(Saved data entries)
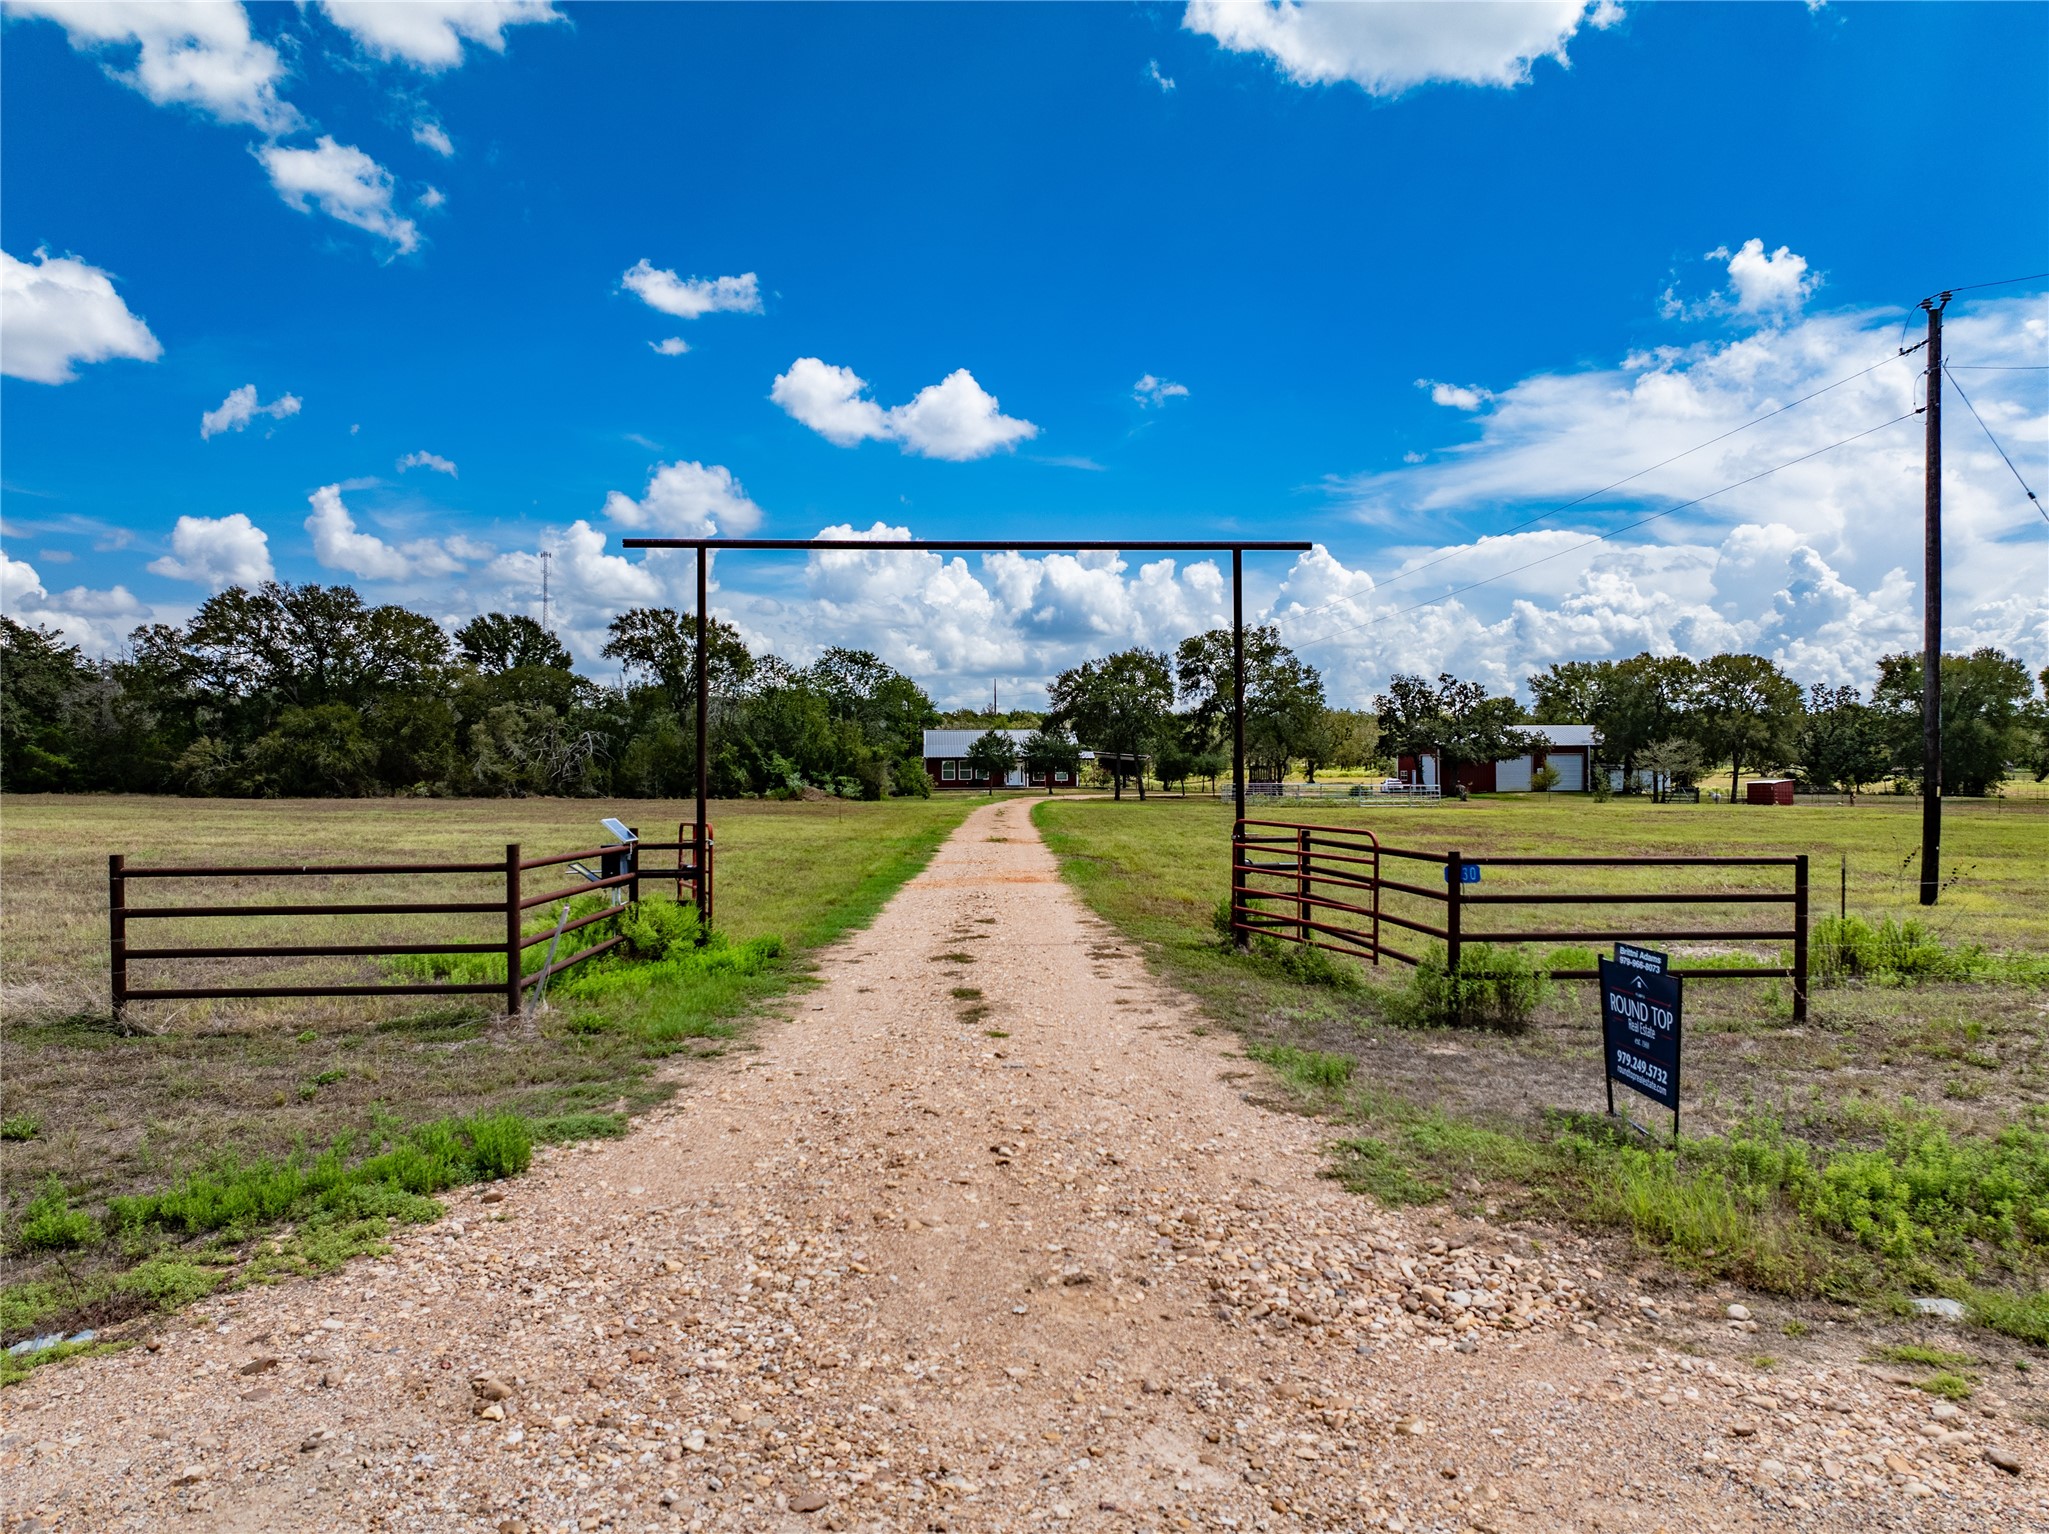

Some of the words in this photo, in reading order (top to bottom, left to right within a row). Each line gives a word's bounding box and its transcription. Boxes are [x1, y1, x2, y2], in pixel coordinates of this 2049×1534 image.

[1619, 946, 1639, 958] Brittni
[1639, 951, 1662, 964] Adams
[1609, 992, 1649, 1022] ROUND
[1650, 1005, 1673, 1031] TOP
[1627, 1017, 1640, 1033] Real
[1640, 1022, 1656, 1039] Estate
[1616, 1049, 1668, 1085] 979.249.5732
[1616, 1064, 1667, 1096] roundtoprealestate.com
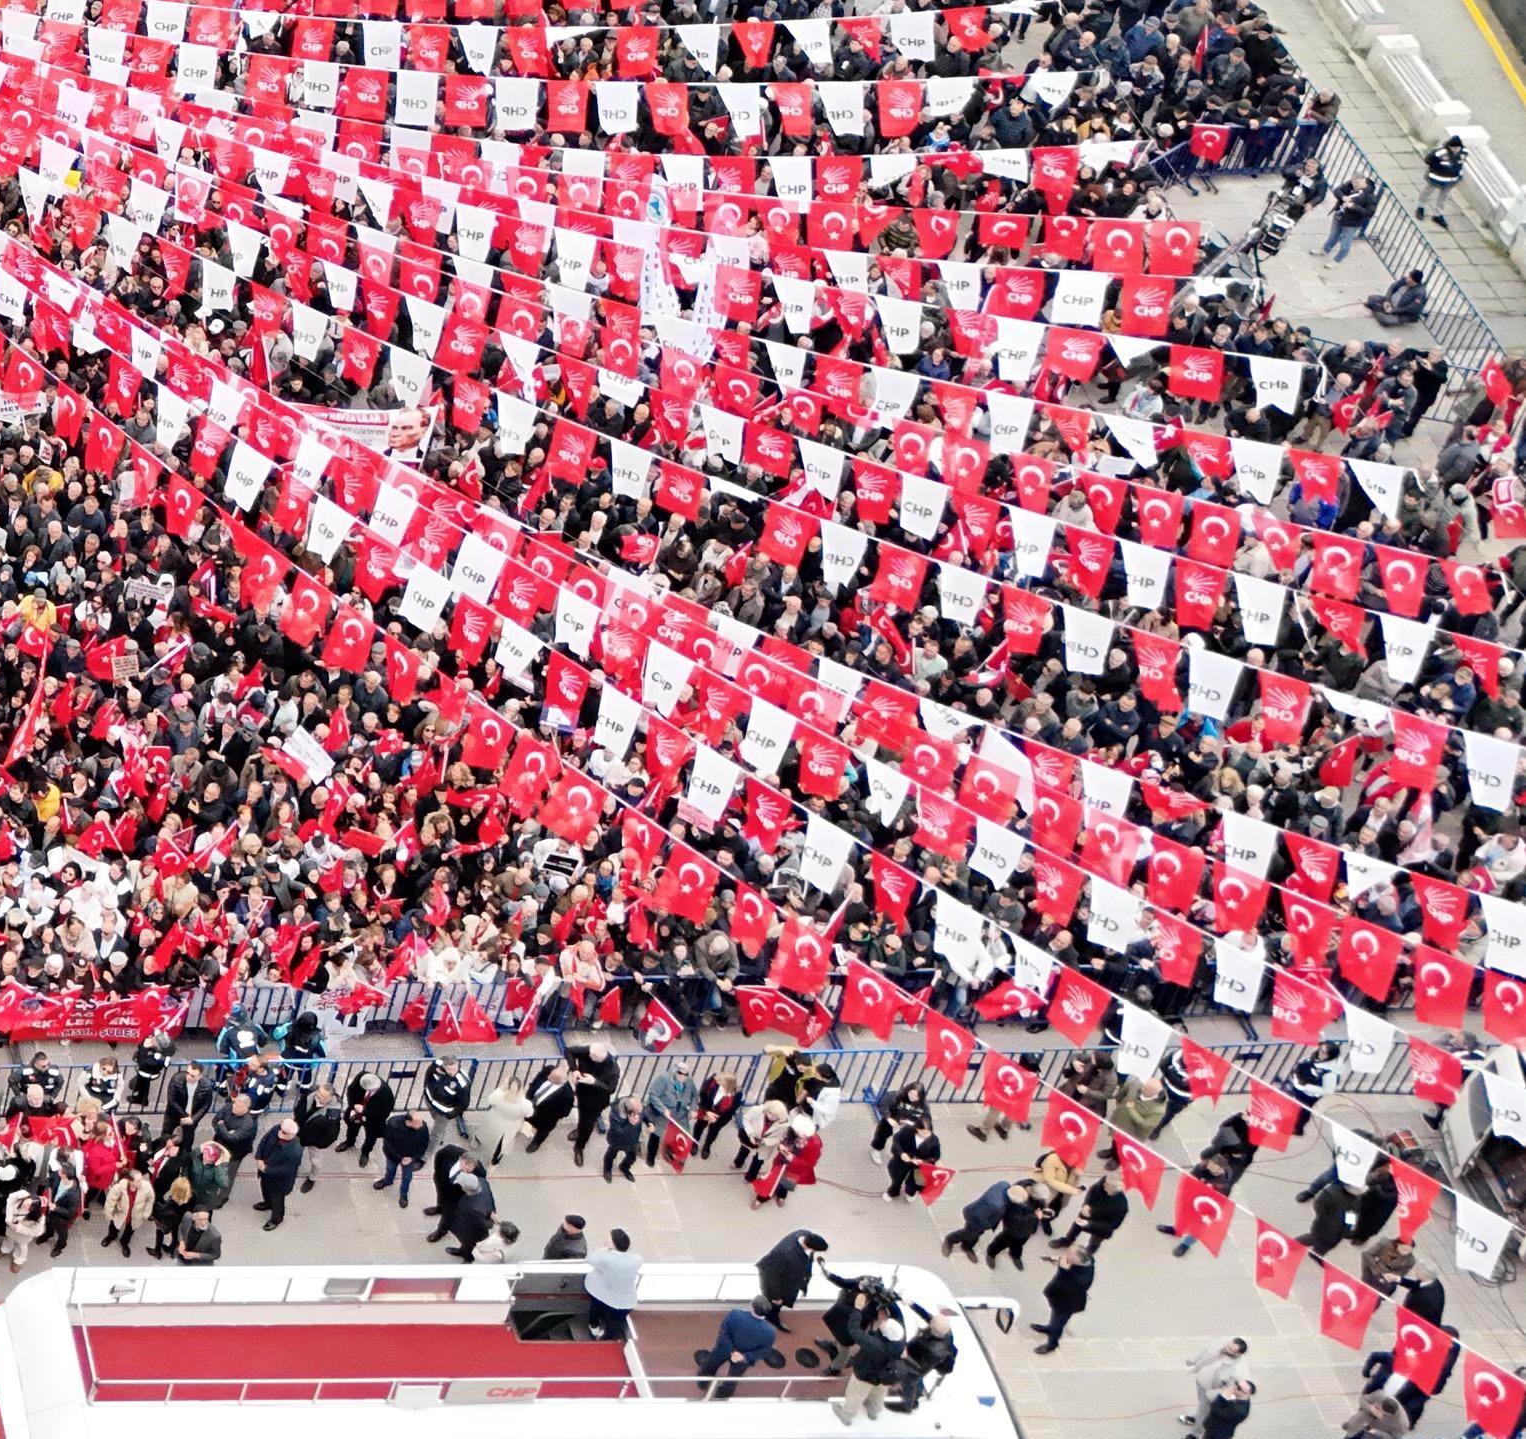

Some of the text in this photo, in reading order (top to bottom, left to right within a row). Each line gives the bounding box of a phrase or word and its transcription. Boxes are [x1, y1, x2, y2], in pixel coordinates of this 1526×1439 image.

[154, 22, 178, 32] CHP
[301, 42, 323, 53] CHP
[899, 37, 926, 47] CHP
[371, 46, 392, 56] CHP
[627, 50, 649, 61] CHP
[183, 68, 207, 78] CHP
[779, 185, 806, 195] CHP
[824, 183, 849, 194] CHP
[1008, 293, 1032, 305] CHP
[1062, 295, 1094, 306] CHP
[1135, 306, 1163, 317] CHP
[450, 341, 475, 355] CHP
[1183, 370, 1213, 383] CHP
[1259, 380, 1289, 391] CHP
[827, 385, 852, 398] CHP
[994, 424, 1018, 435] CHP
[195, 441, 217, 458] CHP
[756, 444, 782, 460] CHP
[904, 501, 933, 518] CHP
[365, 561, 385, 580] CHP
[462, 566, 485, 584] CHP
[412, 590, 435, 610] CHP
[1247, 610, 1270, 624] CHP
[658, 625, 685, 644] CHP
[945, 927, 967, 942] CHP
[486, 1387, 537, 1397] CHP

EXERCISE DESCRIPTION: Your reply should restate every entry exactly, with the pictures left out.

SOLUTION TO THIS TASK:
Some of the words in this photo, in reading order (top to bottom, left to right within a row). Each line gives a word's bounding box and its transcription. Boxes are [x1, y1, x2, y2], in pixel coordinates of this 2049×1534 image.

[1619, 946, 1639, 958] Brittni
[1639, 951, 1662, 964] Adams
[1609, 992, 1649, 1022] ROUND
[1650, 1005, 1673, 1031] TOP
[1627, 1017, 1640, 1033] Real
[1640, 1022, 1656, 1039] Estate
[1616, 1049, 1668, 1085] 979.249.5732
[1616, 1064, 1667, 1096] roundtoprealestate.com

Some of the text in this photo, in reading order (top to bottom, left to right within a row). Each line gives the bounding box of a phrase or word and its transcription. Boxes are [x1, y1, x2, y2], in pixel coordinates of this 1526×1439 image.

[154, 22, 178, 32] CHP
[301, 42, 323, 53] CHP
[899, 37, 926, 47] CHP
[371, 46, 392, 56] CHP
[627, 50, 649, 61] CHP
[183, 68, 207, 78] CHP
[779, 185, 806, 195] CHP
[824, 183, 849, 194] CHP
[1008, 293, 1032, 305] CHP
[1062, 295, 1094, 306] CHP
[1135, 306, 1163, 317] CHP
[450, 341, 475, 355] CHP
[1183, 370, 1213, 383] CHP
[1259, 380, 1289, 391] CHP
[827, 385, 852, 398] CHP
[994, 424, 1018, 435] CHP
[195, 441, 217, 458] CHP
[756, 444, 782, 460] CHP
[904, 501, 933, 518] CHP
[365, 561, 385, 580] CHP
[462, 566, 485, 584] CHP
[412, 590, 435, 610] CHP
[1247, 610, 1270, 624] CHP
[658, 625, 685, 644] CHP
[945, 927, 967, 942] CHP
[486, 1387, 537, 1397] CHP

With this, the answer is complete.